My increasing deafness, and no longer working or speaking to be heard in public, meant that I rather lost the ability to hear where my voice was pitched.
I am naturally quietly spoken, but I had learned to 'speak out'. It reached the stage that I was almost silent, and I was sent to see a speech therapist.....who rapidly discovered that I had three languages
Local clearly spoken Scots of the old variety, not the Glaswegian kind. Politely spoken English with a Scottish accent, and 'received pronunciation' that's still there from my childhood education and my WRAF officer Mother's intent that I would learn to speak
properly.
In none of those does Th become f.
In the first one the glottal stop does come out, as well as skipped vowels. "Y'see", instead of, "You see", and the classic, "Thoucht", instead of the crisply hard t in, "Thought", or the deeper vowel of the RP.

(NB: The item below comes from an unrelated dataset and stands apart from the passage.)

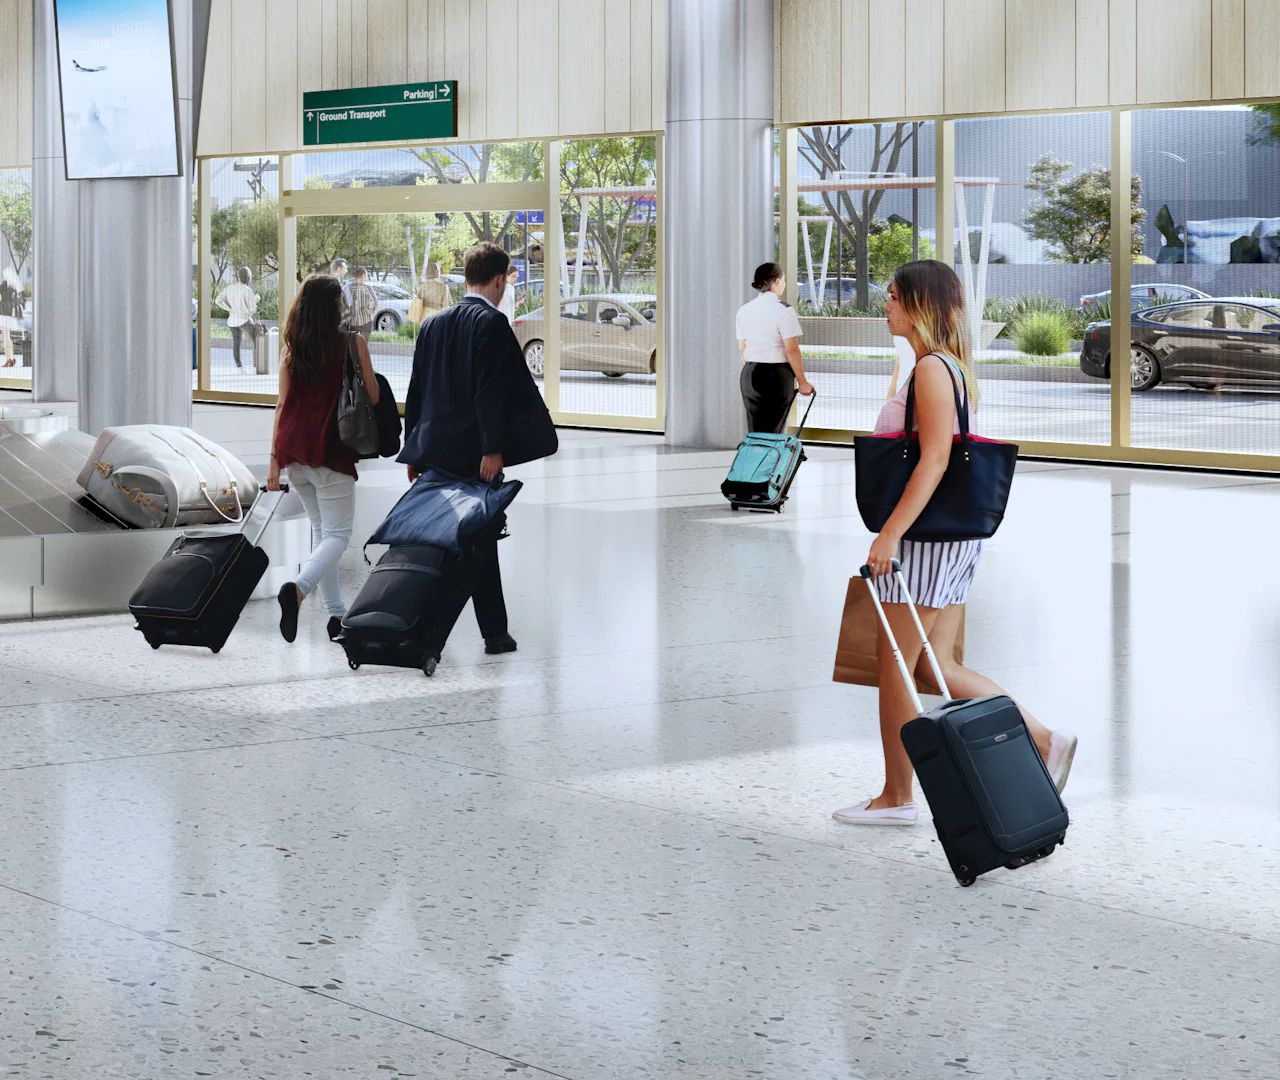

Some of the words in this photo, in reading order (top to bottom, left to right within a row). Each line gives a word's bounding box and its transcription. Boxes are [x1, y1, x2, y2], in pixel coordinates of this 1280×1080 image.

This cannot be uncommon, right across the country local accents and speech gives way to a clearer English when meeting others from outwith our own locality.
At the end of the day so long as we are mutually comprehensible, it keeps it interesting
I love hearing regional accents, even if nowadays they're a real struggle.
I do like the quote about English (language) lurking in dark alleys to beat up other languages and rifle through their pockets for spare vocabulary
I think the original James Nicol quote is maybe not quite pc enough for here.